(Material for this task Opens)

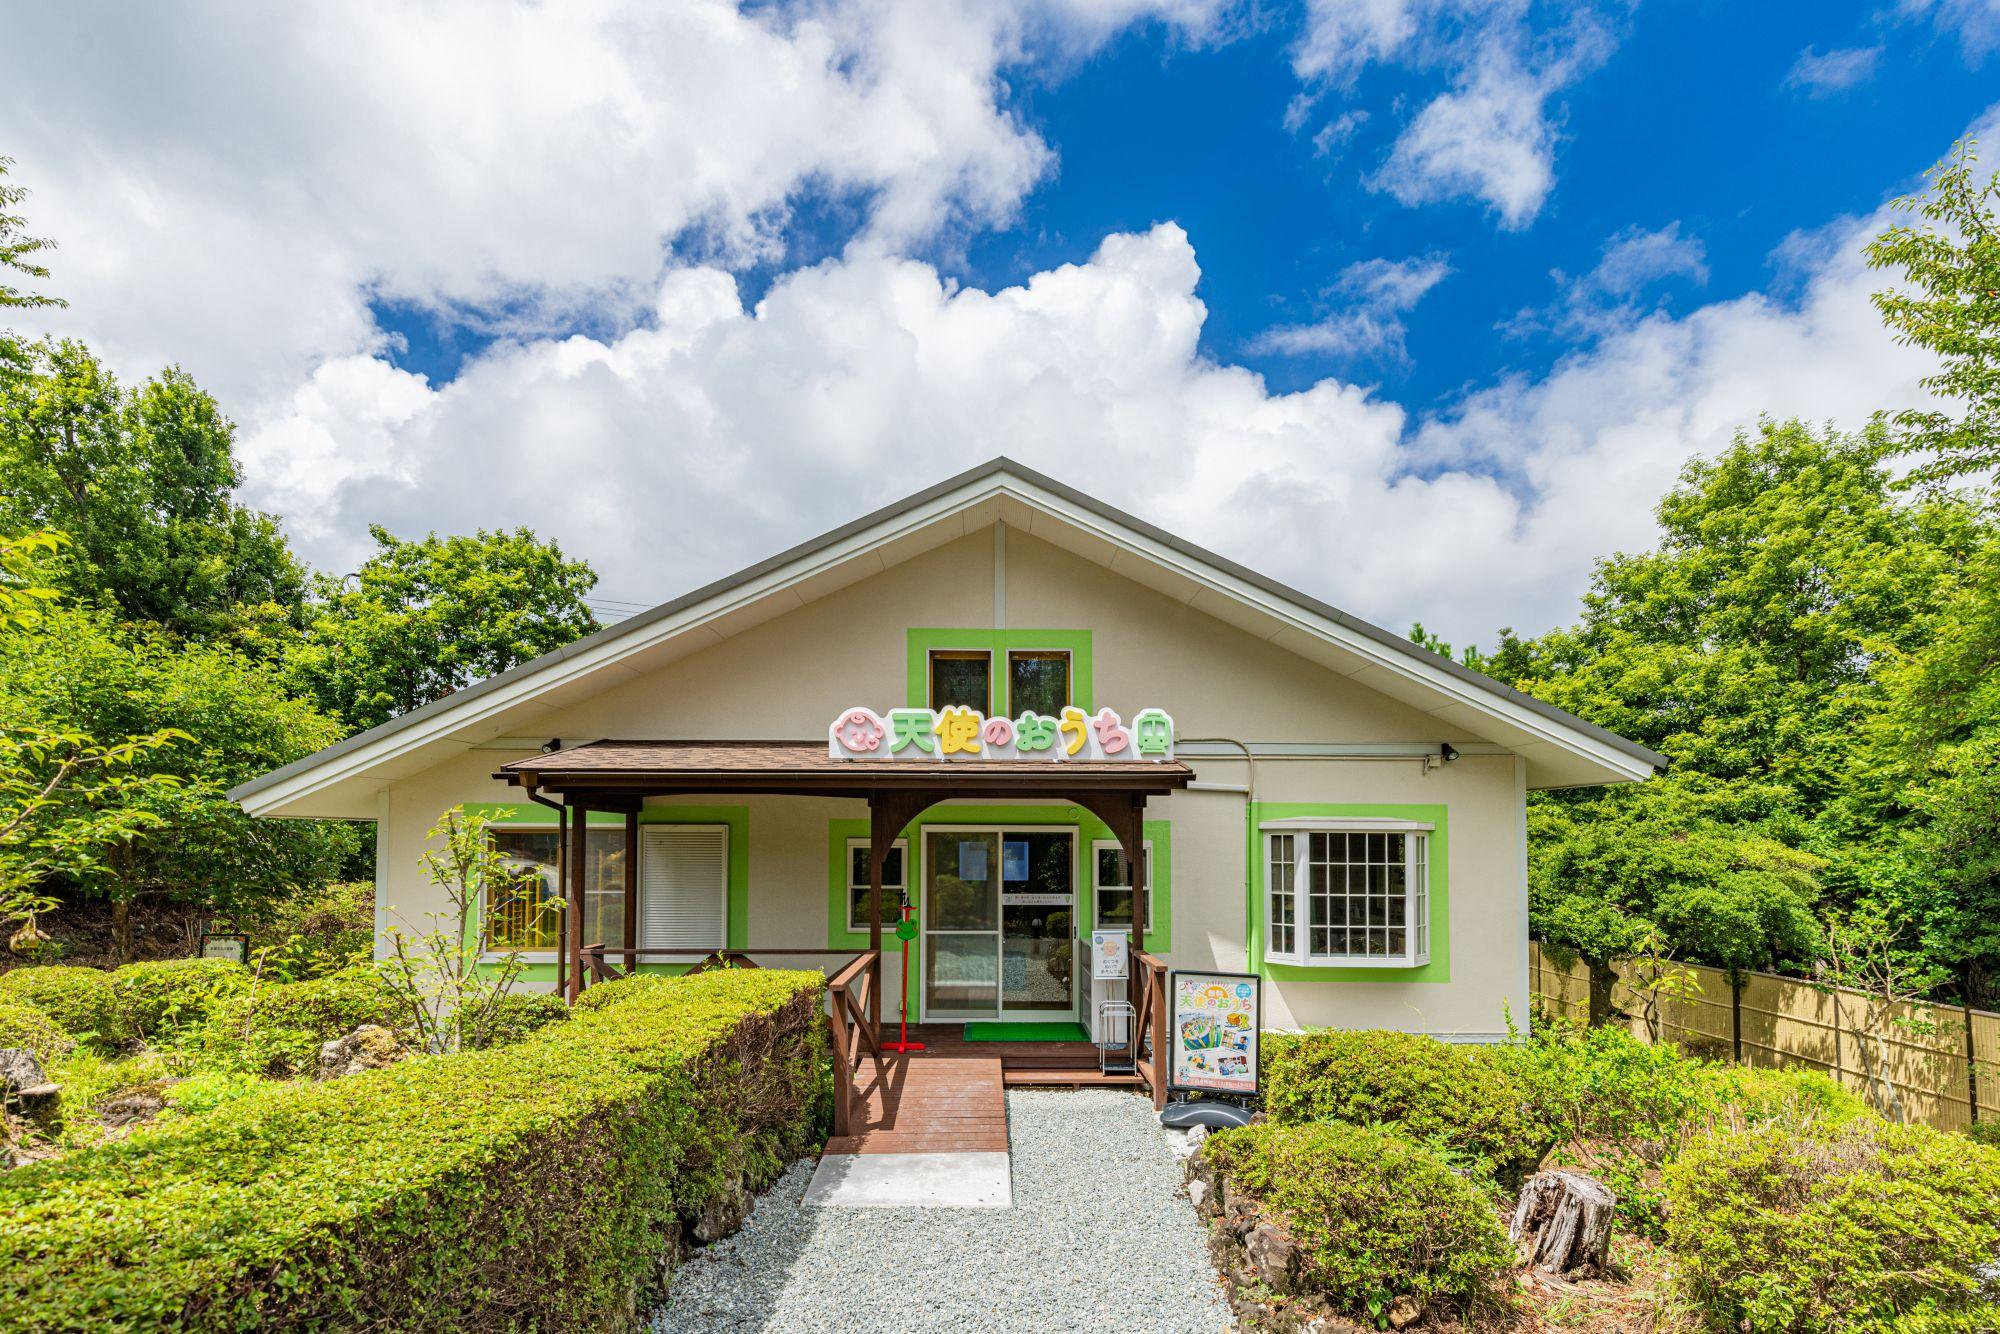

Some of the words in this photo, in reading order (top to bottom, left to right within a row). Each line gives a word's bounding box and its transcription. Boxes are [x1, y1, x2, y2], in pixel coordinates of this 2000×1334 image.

[890, 708, 1129, 755] 天使のおうち
[1180, 994, 1252, 1011] 天使のおうち
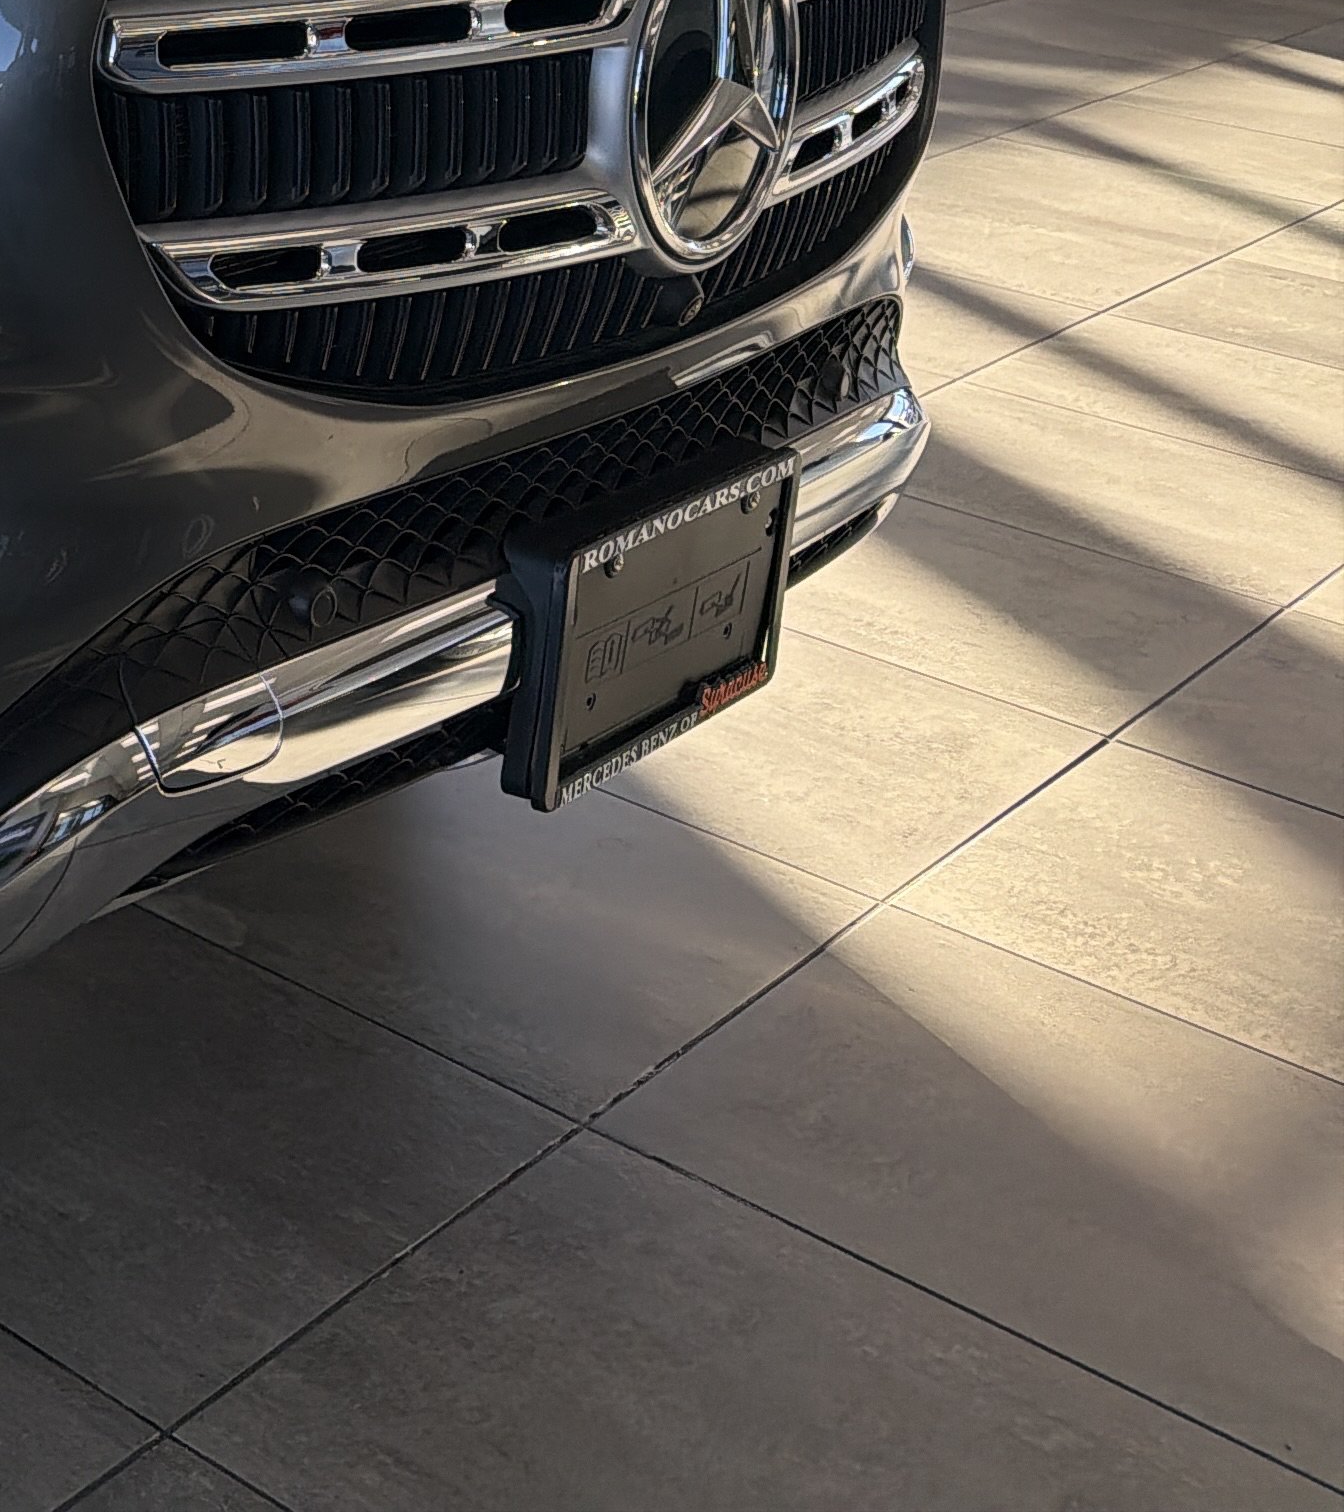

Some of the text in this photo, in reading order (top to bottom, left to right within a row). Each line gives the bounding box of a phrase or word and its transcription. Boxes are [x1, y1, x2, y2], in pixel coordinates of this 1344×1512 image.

[581, 456, 795, 573] ROMANOCARS.COM
[560, 662, 768, 806] MERCEDES BENZ OF Syracuse
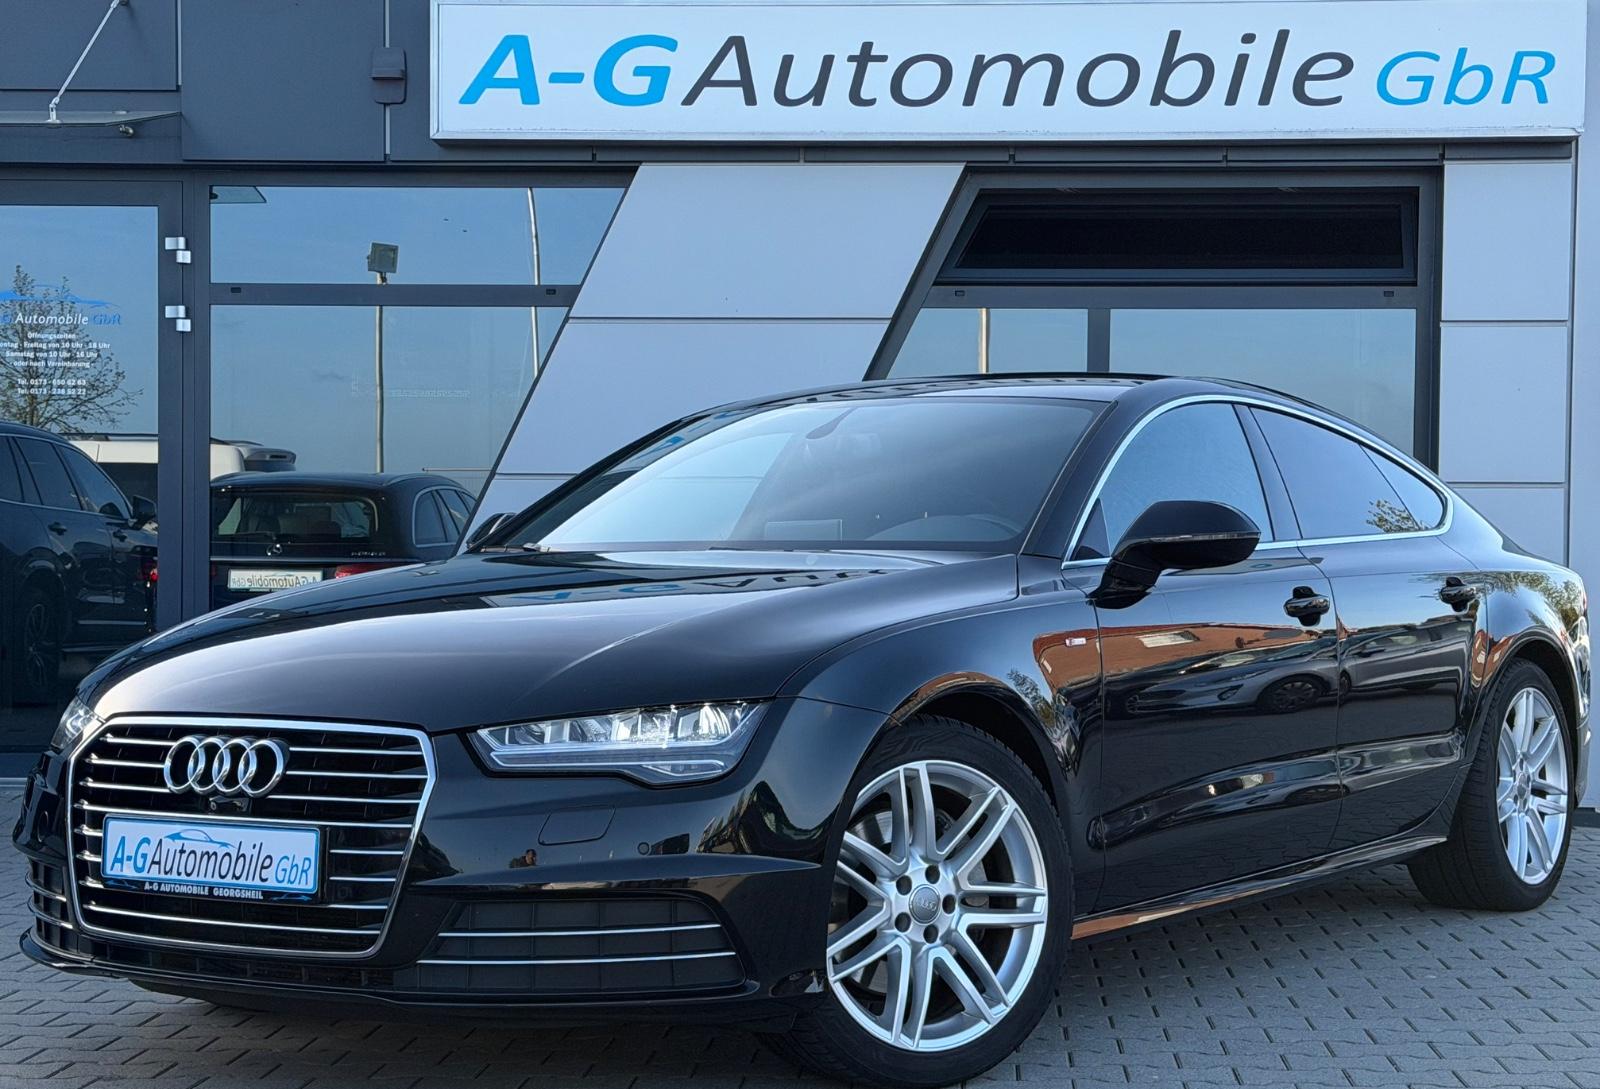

(Material for this task Closes)

[Goal of the exercise] Return the whole listing exactly, minus its pictures.

[Problem solution]
Some of the words in this photo, in reading order (top to bottom, left to right within a row). Each line gives a word's bounding box and its transcription. Boxes are [x1, y1, x2, y2], in pixel coordinates of this 2000×1334 image.

[890, 708, 1129, 755] 天使のおうち
[1180, 994, 1252, 1011] 天使のおうち

Some of the text in this photo, in reading order (top to bottom, left to right within a row). Each line gives the bounding box of a phrase or word and its transcription. Boxes are [x1, y1, x2, y2], in pixel coordinates of this 1344×1512 image.

[581, 456, 795, 573] ROMANOCARS.COM
[560, 662, 768, 806] MERCEDES BENZ OF Syracuse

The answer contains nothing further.